** SOURCE MATERIAL **
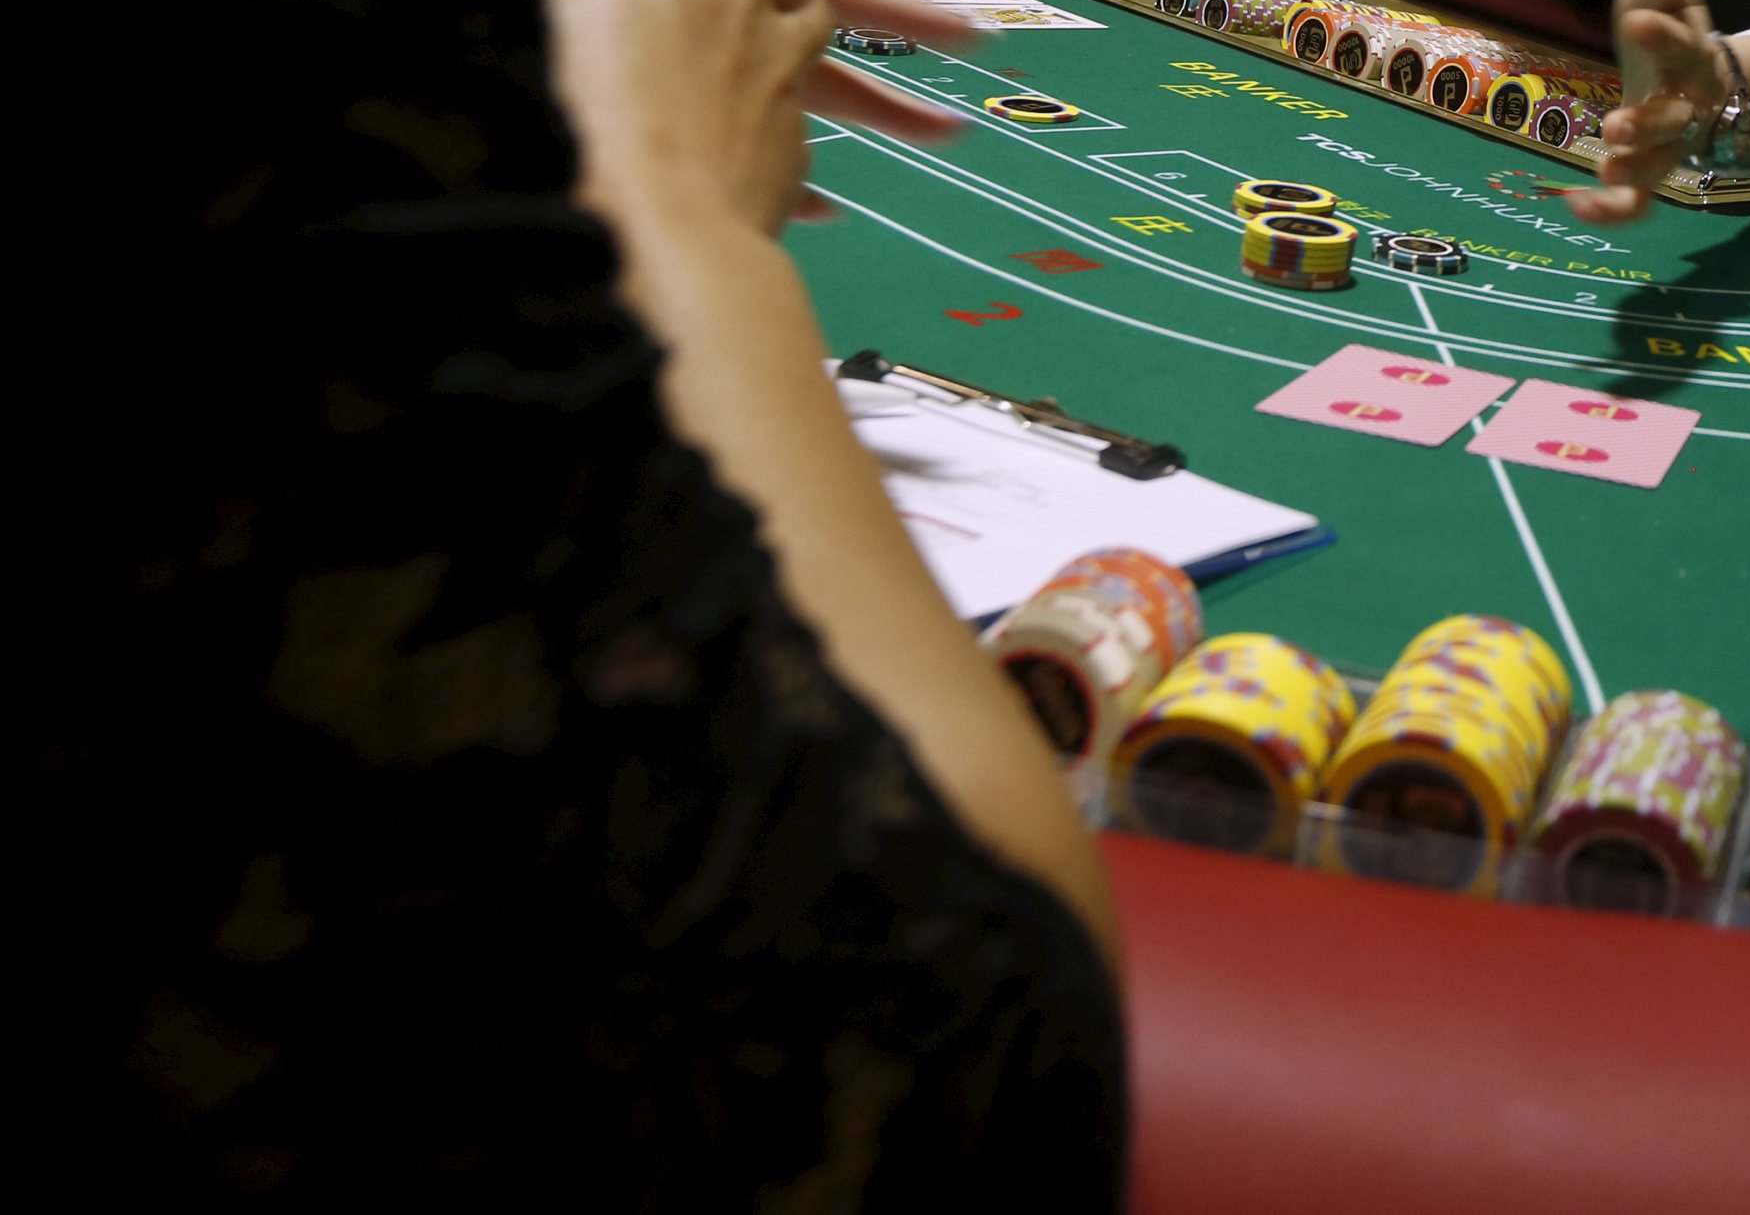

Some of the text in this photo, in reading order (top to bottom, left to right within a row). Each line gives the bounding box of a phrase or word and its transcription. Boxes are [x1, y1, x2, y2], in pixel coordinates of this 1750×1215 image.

[1440, 70, 1461, 81] 5000
[1169, 61, 1350, 121] BANKER
[1296, 132, 1631, 255] TCSJOHNHUXLEY
[1567, 261, 1653, 282] PAIR
[1574, 292, 1598, 306] 2
[943, 301, 1024, 327] 2

** DESCRIPTION OF THE TASK **
Only the pictures are dropped when you print the material; everything else is copied exactly.

** ANSWER TO THIS EXERCISE **
Some of the text in this photo, in reading order (top to bottom, left to right within a row). Each line gives the bounding box of a phrase or word and its transcription. Boxes are [x1, y1, x2, y2], in pixel coordinates of this 1750×1215 image.

[1440, 70, 1461, 81] 5000
[1169, 61, 1350, 121] BANKER
[1296, 132, 1631, 255] TCSJOHNHUXLEY
[1567, 261, 1653, 282] PAIR
[1574, 292, 1598, 306] 2
[943, 301, 1024, 327] 2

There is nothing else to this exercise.